* **Problem details**: Transcribe the listing in full, excluding any pictures.

* **Provided data**:
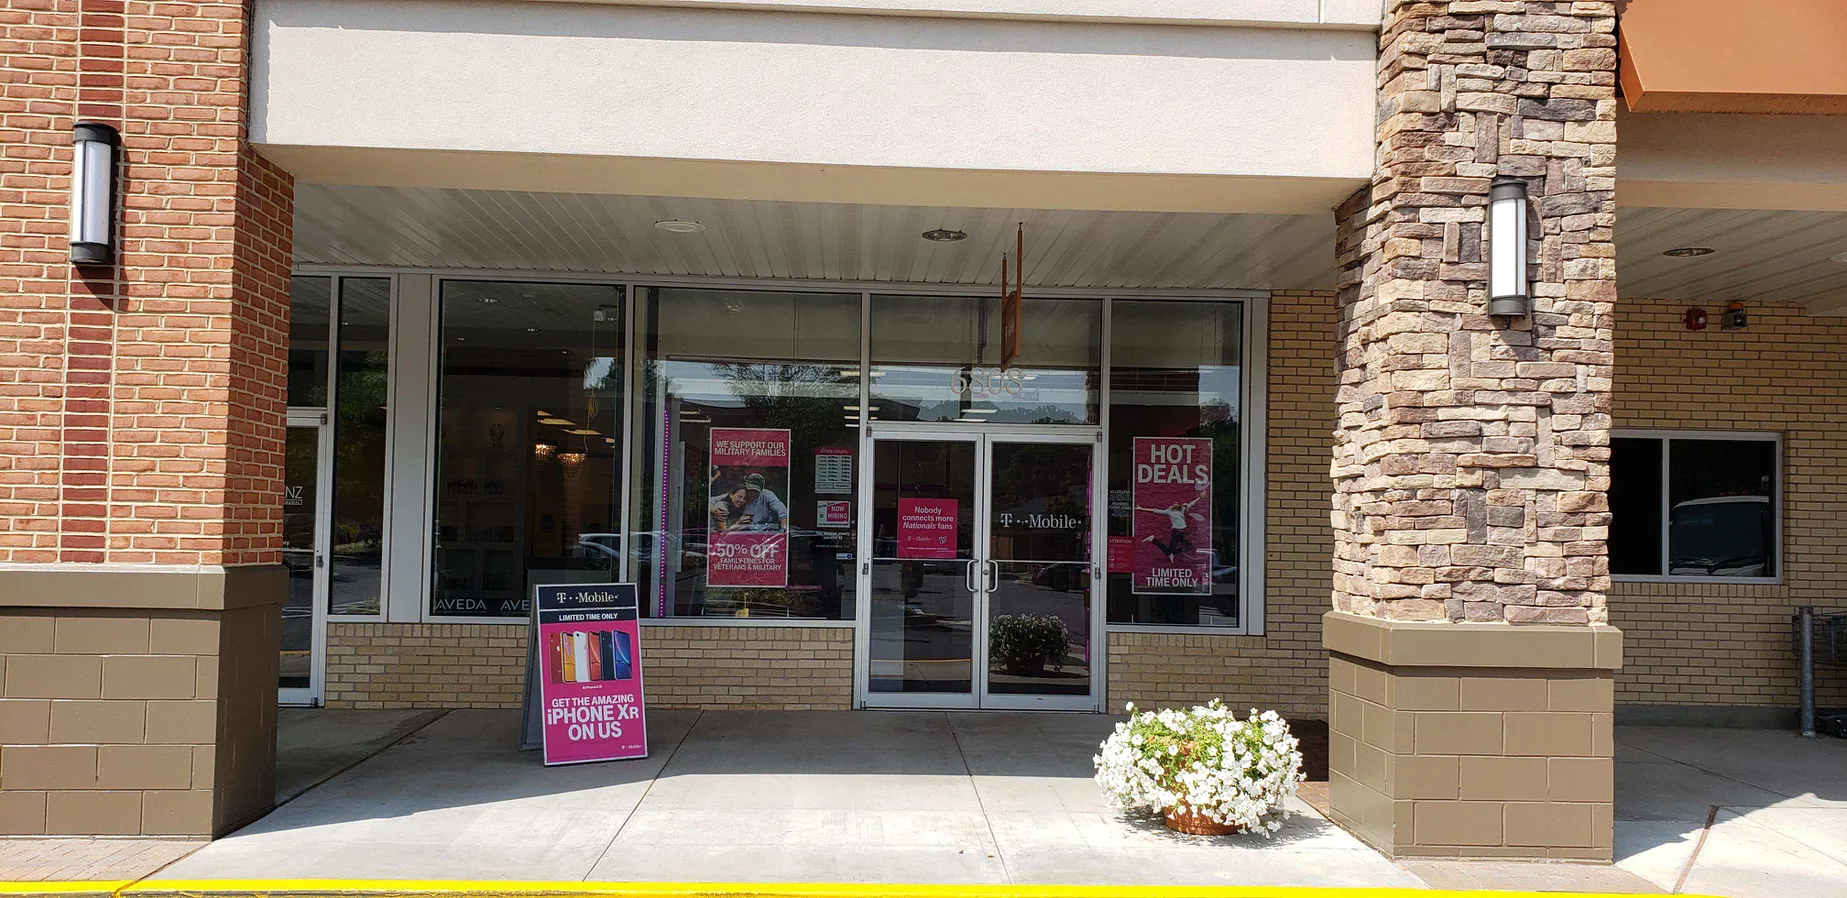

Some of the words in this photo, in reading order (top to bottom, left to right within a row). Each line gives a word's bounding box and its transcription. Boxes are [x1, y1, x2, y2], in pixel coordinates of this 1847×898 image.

[950, 367, 1023, 395] 6808
[1151, 444, 1196, 463] HOT
[1138, 464, 1209, 484] DEALS
[285, 486, 303, 498] NZ
[915, 506, 942, 515] Nobody
[717, 544, 747, 558] 50%
[750, 544, 779, 558] OFF
[1152, 568, 1192, 577] LIMITED
[1146, 577, 1170, 586] TIME
[1172, 578, 1198, 587] ONLY
[435, 599, 487, 610] AVEDA
[501, 600, 530, 610] AVE
[552, 698, 570, 707] GET
[572, 697, 590, 706] THE
[592, 694, 634, 705] AMAZING
[547, 705, 614, 725] iPHONE
[568, 723, 594, 740] ON
[598, 721, 622, 738] US

* **Exercise solution**:
Some of the words in this photo, in reading order (top to bottom, left to right within a row). Each line gives a word's bounding box and its transcription. Boxes are [x1, y1, x2, y2], in pixel coordinates of this 1847×898 image.

[950, 367, 1023, 395] 6808
[1151, 444, 1196, 463] HOT
[1138, 464, 1209, 484] DEALS
[285, 486, 303, 498] NZ
[915, 506, 942, 515] Nobody
[717, 544, 747, 558] 50%
[750, 544, 779, 558] OFF
[1152, 568, 1192, 577] LIMITED
[1146, 577, 1170, 586] TIME
[1172, 578, 1198, 587] ONLY
[435, 599, 487, 610] AVEDA
[501, 600, 530, 610] AVE
[552, 698, 570, 707] GET
[572, 697, 590, 706] THE
[592, 694, 634, 705] AMAZING
[547, 705, 614, 725] iPHONE
[568, 723, 594, 740] ON
[598, 721, 622, 738] US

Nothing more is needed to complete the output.